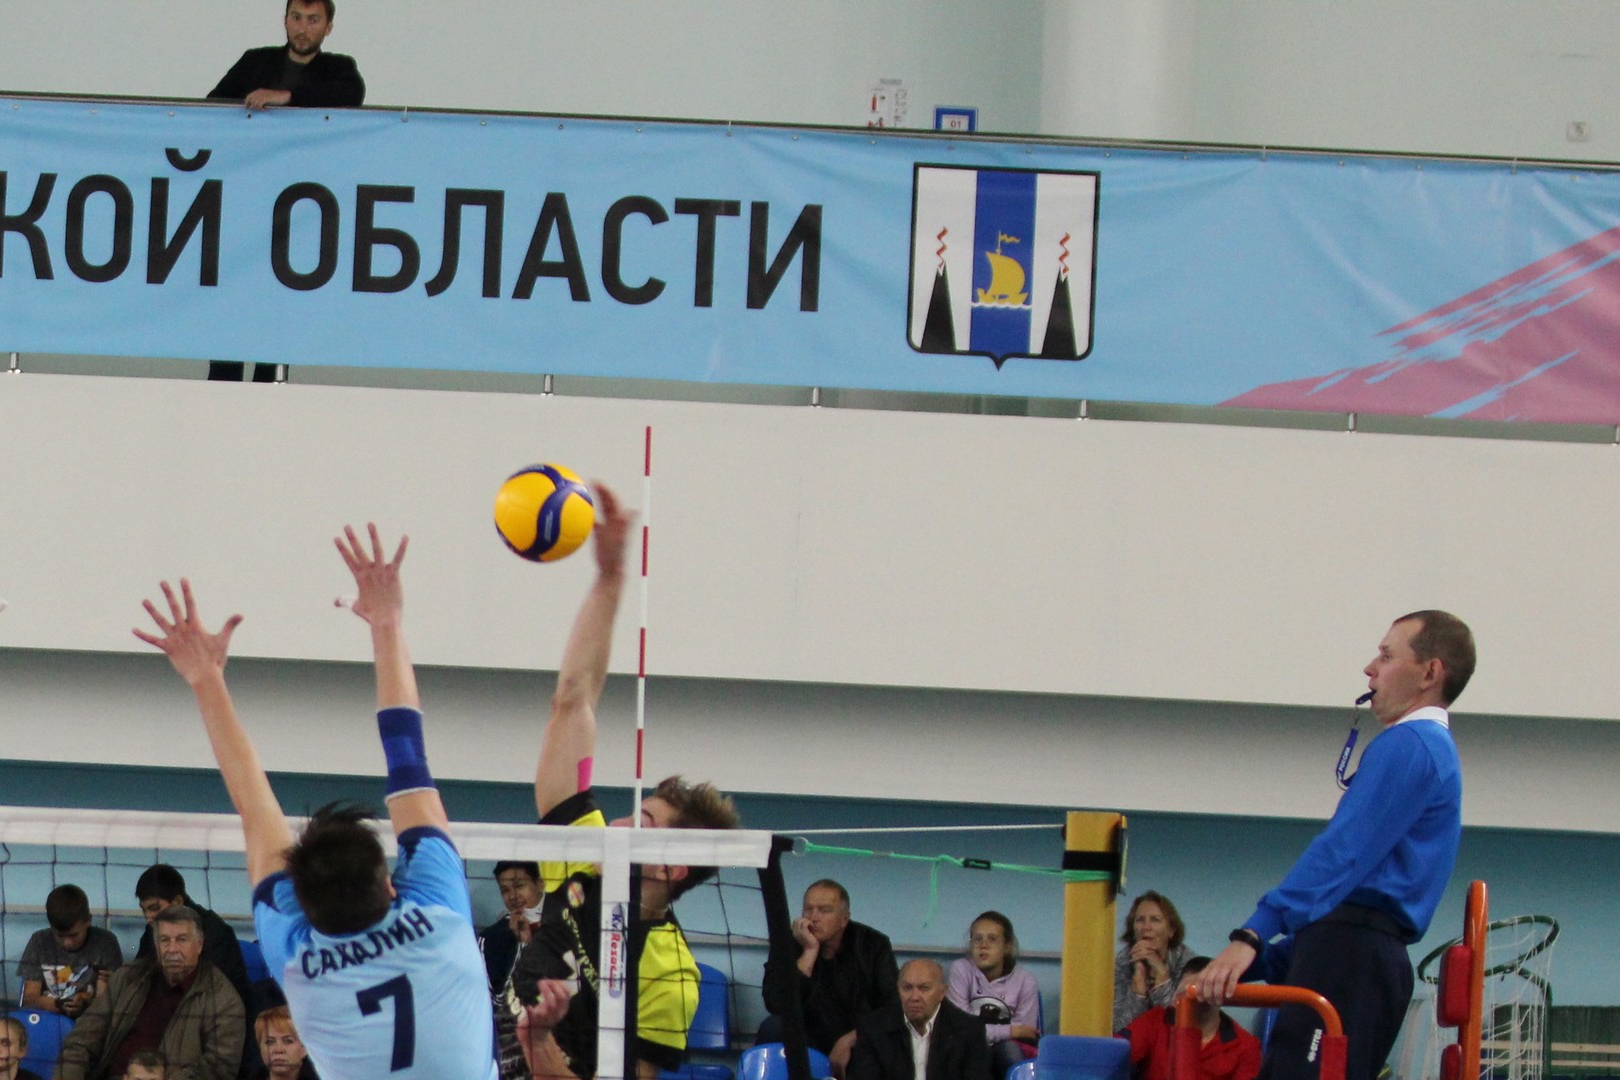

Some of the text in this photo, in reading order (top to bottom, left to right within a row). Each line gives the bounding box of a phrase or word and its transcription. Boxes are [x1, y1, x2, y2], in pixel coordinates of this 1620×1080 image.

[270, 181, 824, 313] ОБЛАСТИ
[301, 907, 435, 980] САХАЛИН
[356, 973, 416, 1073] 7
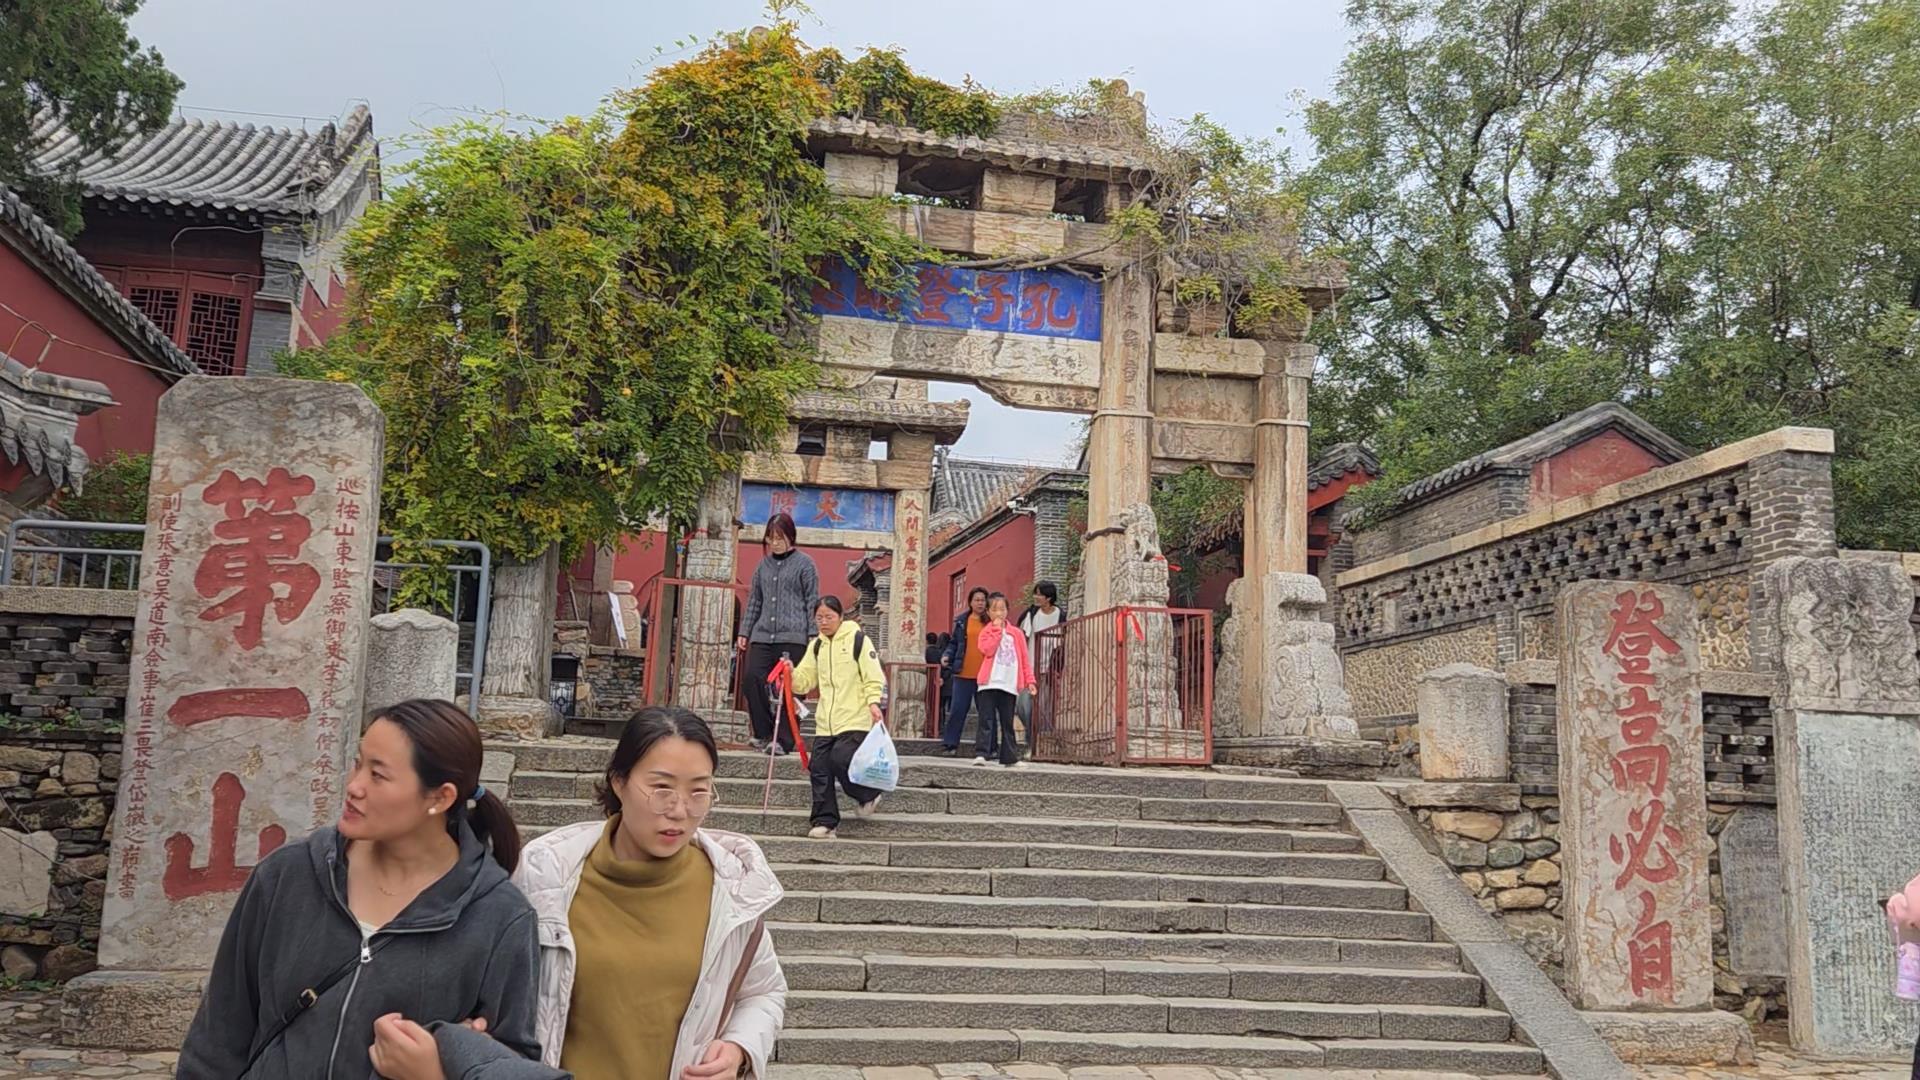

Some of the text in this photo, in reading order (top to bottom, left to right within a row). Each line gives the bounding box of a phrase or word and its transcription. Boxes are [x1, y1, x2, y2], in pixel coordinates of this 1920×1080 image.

──────────

* Task requirements: Reproduce all entries exactly. Pictures do not belong in the copy.

* Reply:
Some of the text in this photo, in reading order (top to bottom, left to right within a row). Each line gives the bounding box of a phrase or word and its transcription. Boxes are [x1, y1, x2, y2], in pixel coordinates of this 1620×1080 image.

[270, 181, 824, 313] ОБЛАСТИ
[301, 907, 435, 980] САХАЛИН
[356, 973, 416, 1073] 7

Some of the text in this photo, in reading order (top to bottom, left to right within a row). Each line gives the bounding box of a phrase or word and its transcription. Boxes are [x1, y1, x2, y2], in pixel coordinates of this 1920×1080 image.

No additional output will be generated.